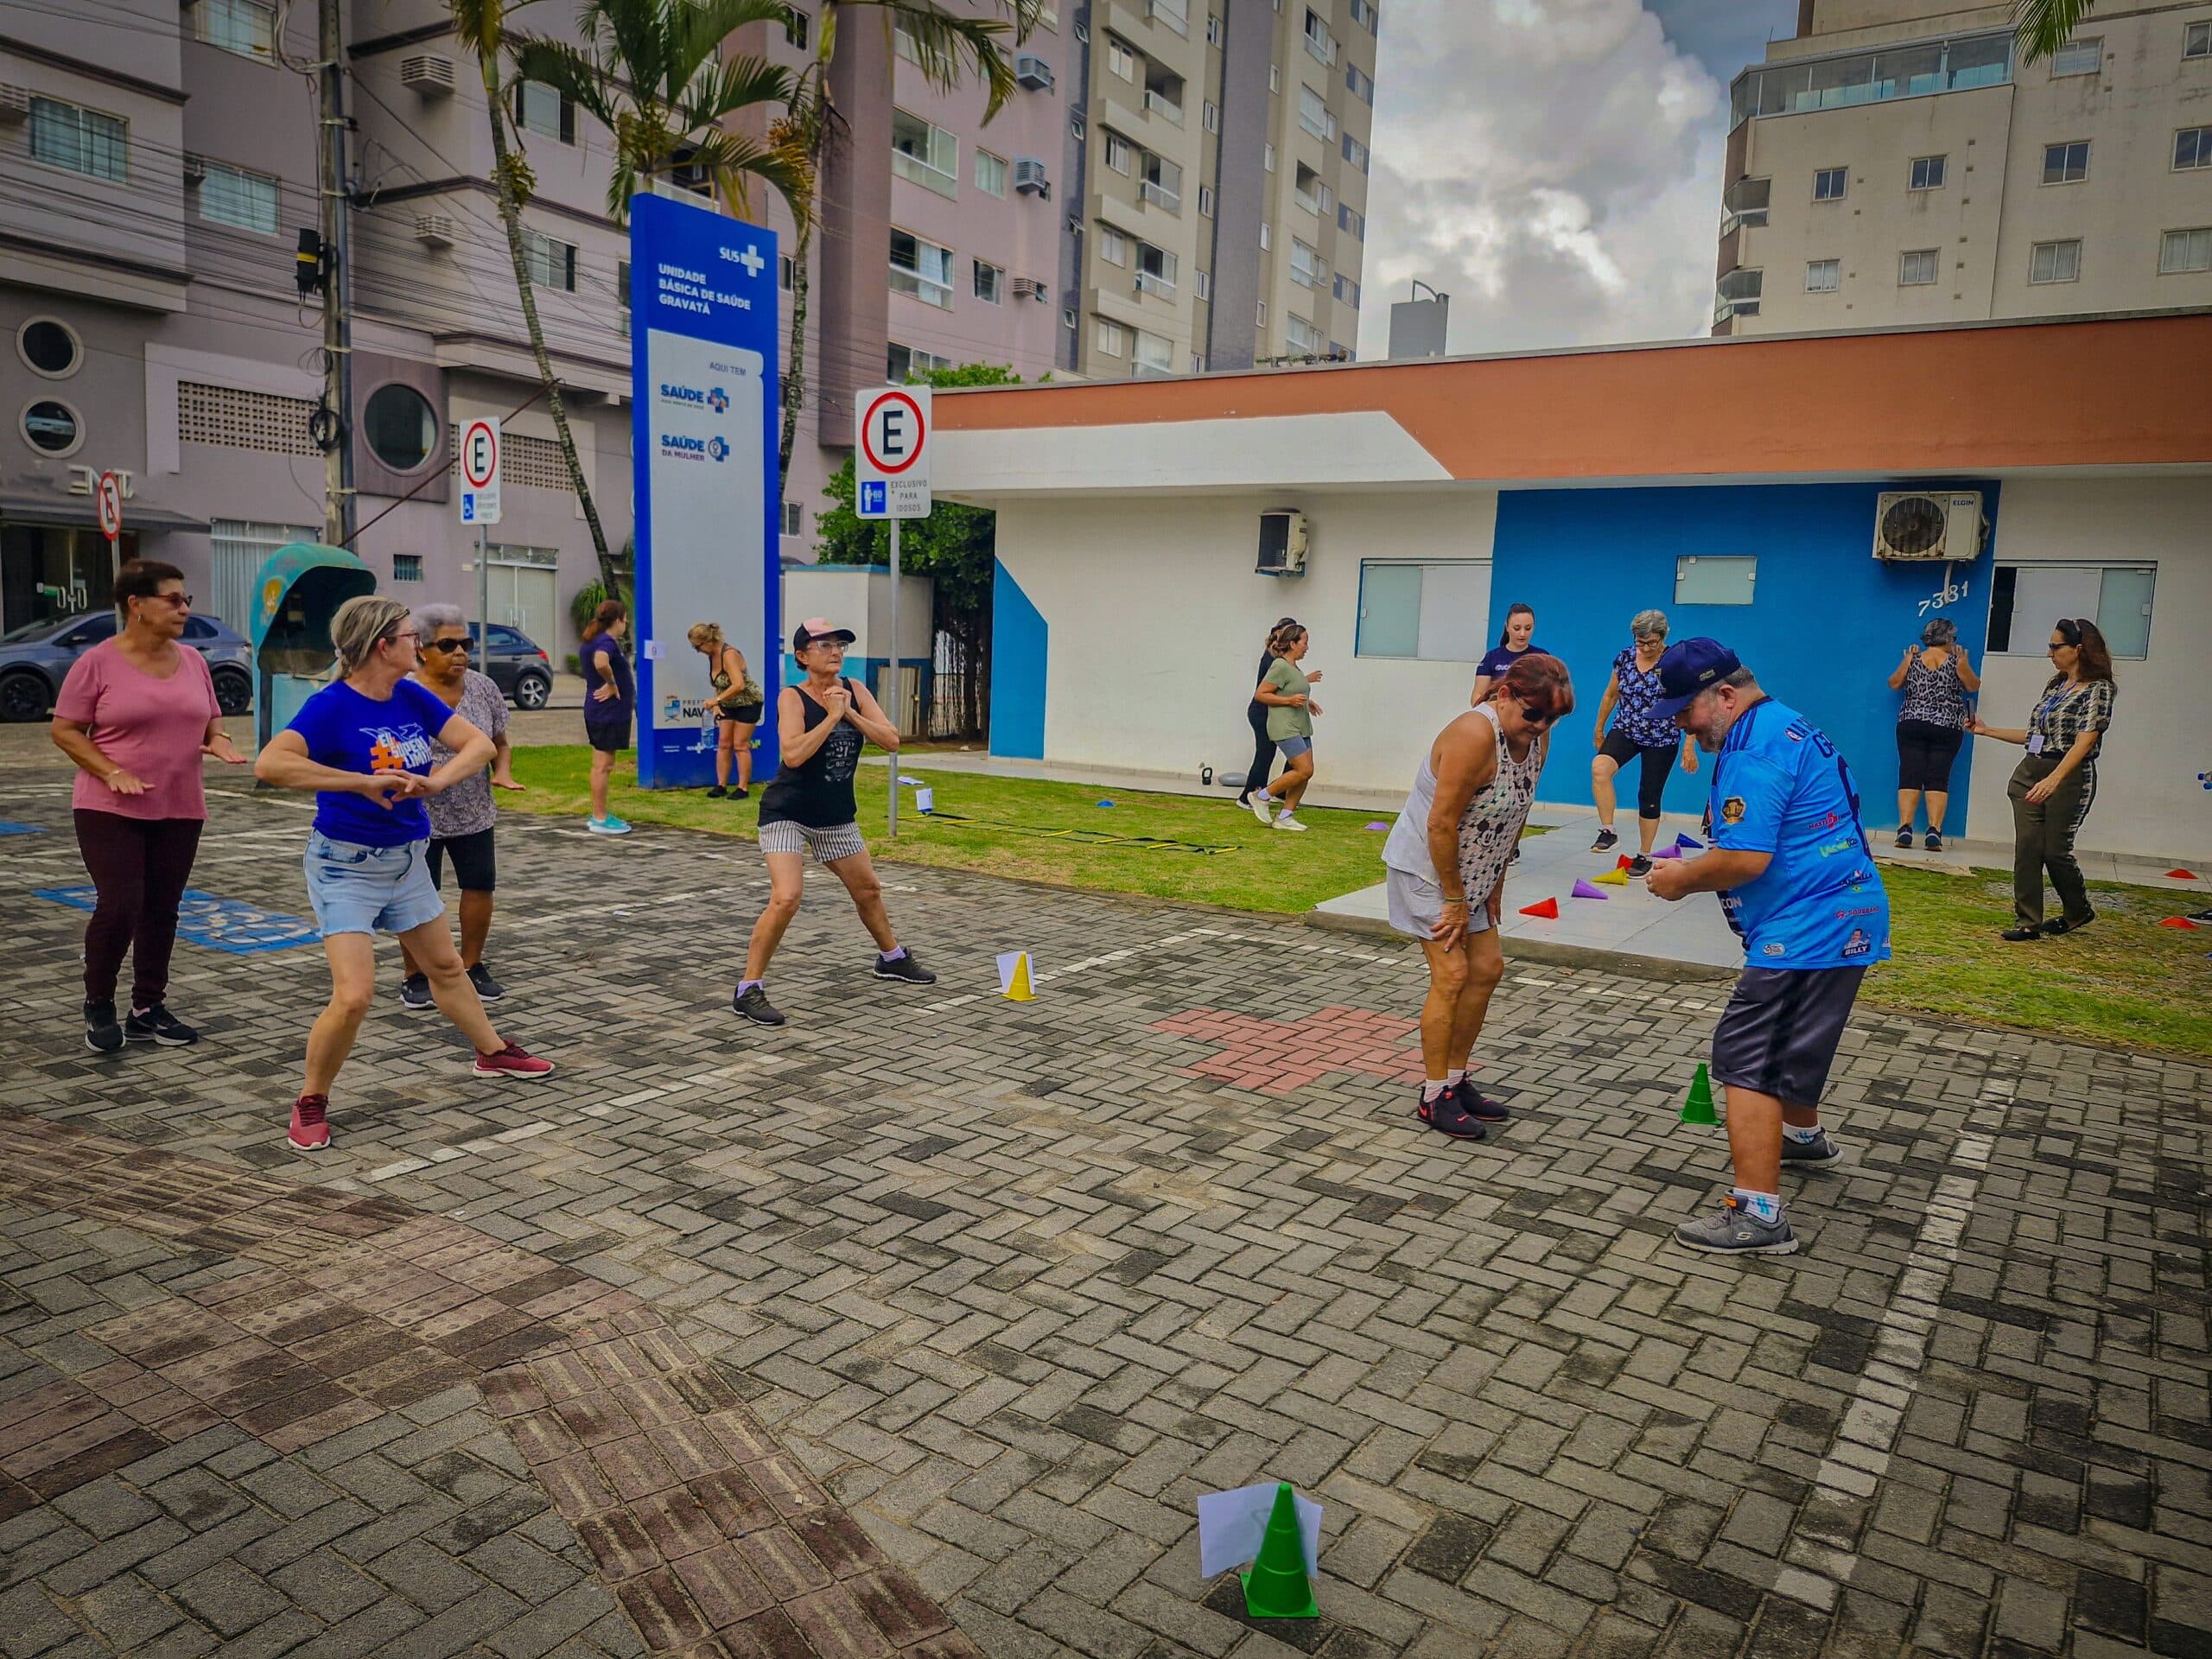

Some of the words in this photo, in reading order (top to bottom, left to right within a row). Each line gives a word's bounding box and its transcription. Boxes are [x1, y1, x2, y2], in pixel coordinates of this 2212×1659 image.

[719, 246, 740, 263] SUS
[658, 263, 707, 285] UNIDADE
[658, 277, 699, 297] BÁSICA
[701, 288, 715, 302] DE
[716, 292, 751, 310] SAÚDE
[659, 293, 711, 315] GRAVATÁ
[709, 361, 728, 372] AQUI
[730, 365, 747, 377] TEM
[661, 384, 704, 404] SAÚDE
[883, 410, 904, 455] E
[662, 435, 705, 452] SAÚDE
[474, 436, 485, 474] E
[674, 451, 705, 462] MULHER
[891, 480, 927, 488] EXCLUSIVO
[896, 504, 921, 512] IDOSOS
[1918, 581, 1968, 617] 7381
[1844, 944, 1868, 957] BILLY
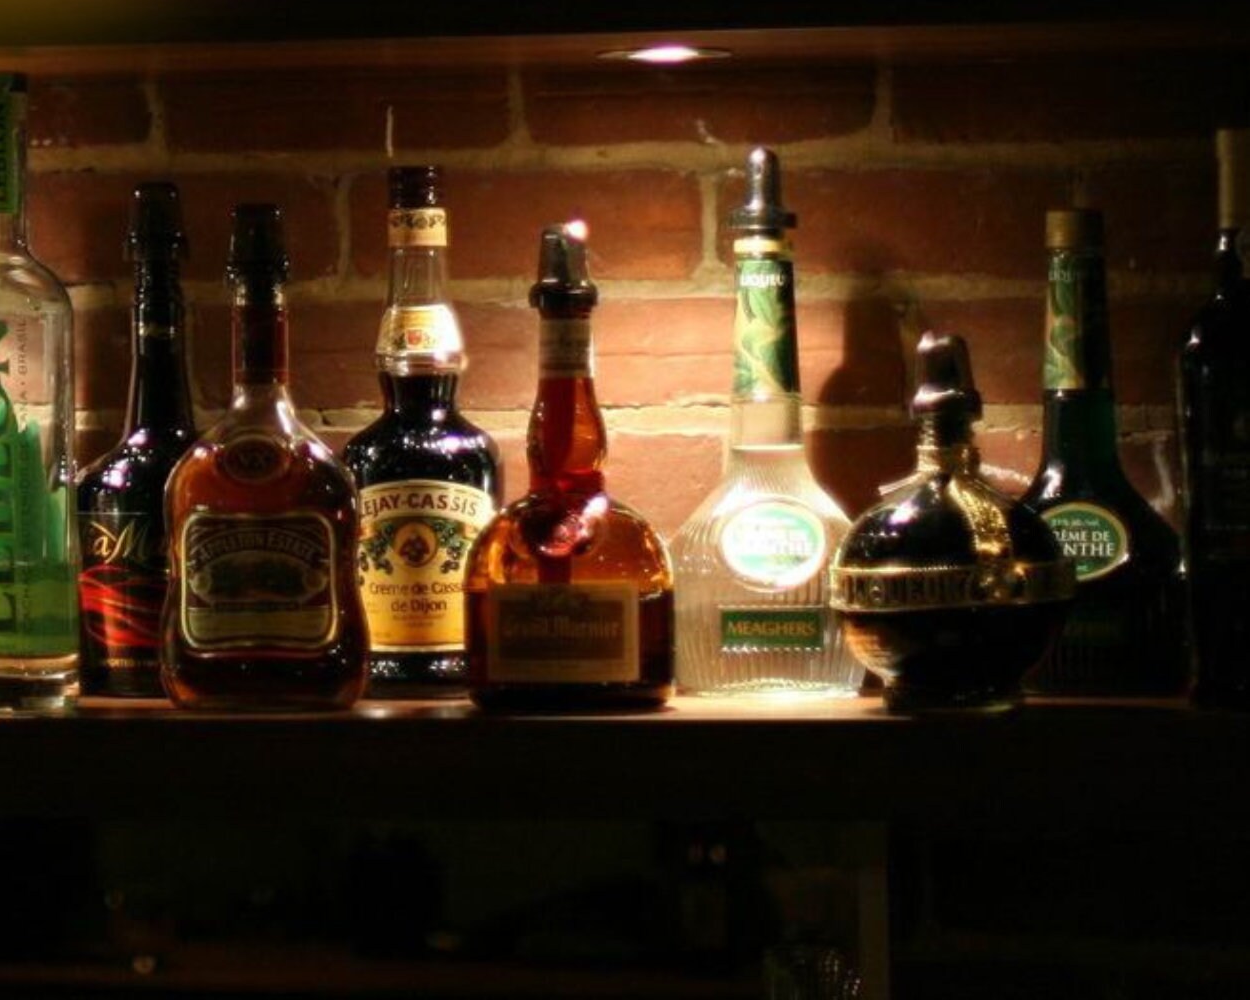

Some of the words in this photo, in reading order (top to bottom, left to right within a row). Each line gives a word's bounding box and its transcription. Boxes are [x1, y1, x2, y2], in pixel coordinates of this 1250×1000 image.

[740, 273, 785, 288] LIQUEU
[1092, 531, 1111, 542] DE
[1062, 543, 1116, 557] NTHE
[431, 582, 462, 594] Cass
[391, 600, 407, 612] de
[410, 599, 448, 614] Dijon
[728, 621, 816, 637] MEAGHERS
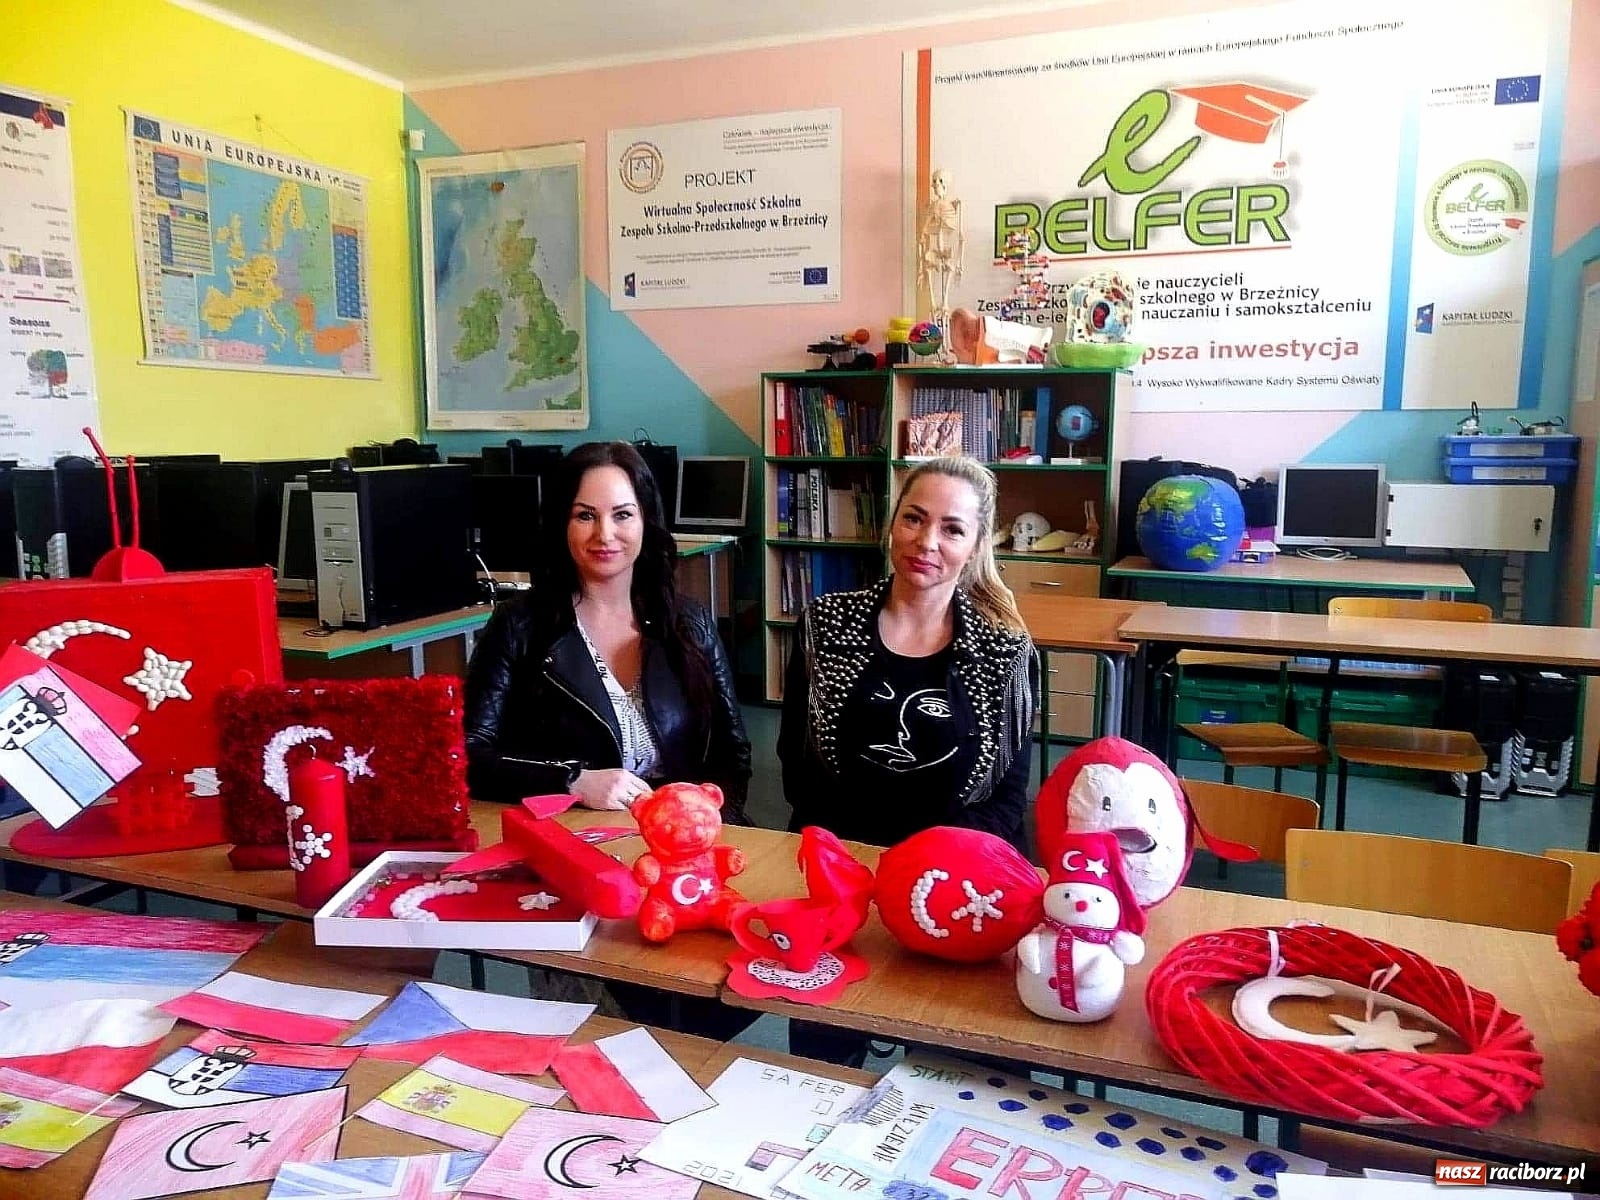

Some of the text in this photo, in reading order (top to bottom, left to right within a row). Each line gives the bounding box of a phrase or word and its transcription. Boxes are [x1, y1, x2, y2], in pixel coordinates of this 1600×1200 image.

[172, 130, 322, 183] UNIA EUROPEJSKA
[684, 168, 757, 189] PROJEKT
[644, 196, 801, 219] Wirtualna Społeczność Szkolna
[1445, 199, 1505, 214] BELFER
[657, 216, 767, 235] Szkolno-Przedszkolnego
[770, 219, 779, 228] w
[994, 182, 1290, 259] BELFER
[1155, 271, 1244, 292] nauczycieli
[1222, 292, 1234, 302] w
[1141, 306, 1220, 320] nauczaniu
[1225, 304, 1231, 317] i
[1235, 298, 1372, 318] samokształceniu
[1141, 337, 1360, 365] psza inwestycja
[909, 1064, 974, 1087] START
[682, 1160, 743, 1187] 2021
[805, 1161, 872, 1192] META

────────

When you copy the lines above, drop the pictures and keep everything else exact.

**OUTPUT OF THE TASK**
Some of the words in this photo, in reading order (top to bottom, left to right within a row). Each line gives a word's bounding box and its transcription. Boxes are [x1, y1, x2, y2], in pixel coordinates of this 2212×1659 image.

[719, 246, 740, 263] SUS
[658, 263, 707, 285] UNIDADE
[658, 277, 699, 297] BÁSICA
[701, 288, 715, 302] DE
[716, 292, 751, 310] SAÚDE
[659, 293, 711, 315] GRAVATÁ
[709, 361, 728, 372] AQUI
[730, 365, 747, 377] TEM
[661, 384, 704, 404] SAÚDE
[883, 410, 904, 455] E
[662, 435, 705, 452] SAÚDE
[474, 436, 485, 474] E
[674, 451, 705, 462] MULHER
[891, 480, 927, 488] EXCLUSIVO
[896, 504, 921, 512] IDOSOS
[1918, 581, 1968, 617] 7381
[1844, 944, 1868, 957] BILLY

Some of the words in this photo, in reading order (top to bottom, left to right within a row). Each line gives a word's bounding box and its transcription. Boxes are [x1, y1, x2, y2], in pixel coordinates of this 1250×1000 image.

[740, 273, 785, 288] LIQUEU
[1092, 531, 1111, 542] DE
[1062, 543, 1116, 557] NTHE
[431, 582, 462, 594] Cass
[391, 600, 407, 612] de
[410, 599, 448, 614] Dijon
[728, 621, 816, 637] MEAGHERS

Some of the text in this photo, in reading order (top to bottom, left to right within a row). Each line gives the bounding box of a phrase or word and its transcription. Boxes are [x1, y1, x2, y2], in pixel coordinates of this 1600×1200 image.

[172, 130, 322, 183] UNIA EUROPEJSKA
[684, 168, 757, 189] PROJEKT
[644, 196, 801, 219] Wirtualna Społeczność Szkolna
[1445, 199, 1505, 214] BELFER
[657, 216, 767, 235] Szkolno-Przedszkolnego
[770, 219, 779, 228] w
[994, 182, 1290, 259] BELFER
[1155, 271, 1244, 292] nauczycieli
[1222, 292, 1234, 302] w
[1141, 306, 1220, 320] nauczaniu
[1225, 304, 1231, 317] i
[1235, 298, 1372, 318] samokształceniu
[1141, 337, 1360, 365] psza inwestycja
[909, 1064, 974, 1087] START
[682, 1160, 743, 1187] 2021
[805, 1161, 872, 1192] META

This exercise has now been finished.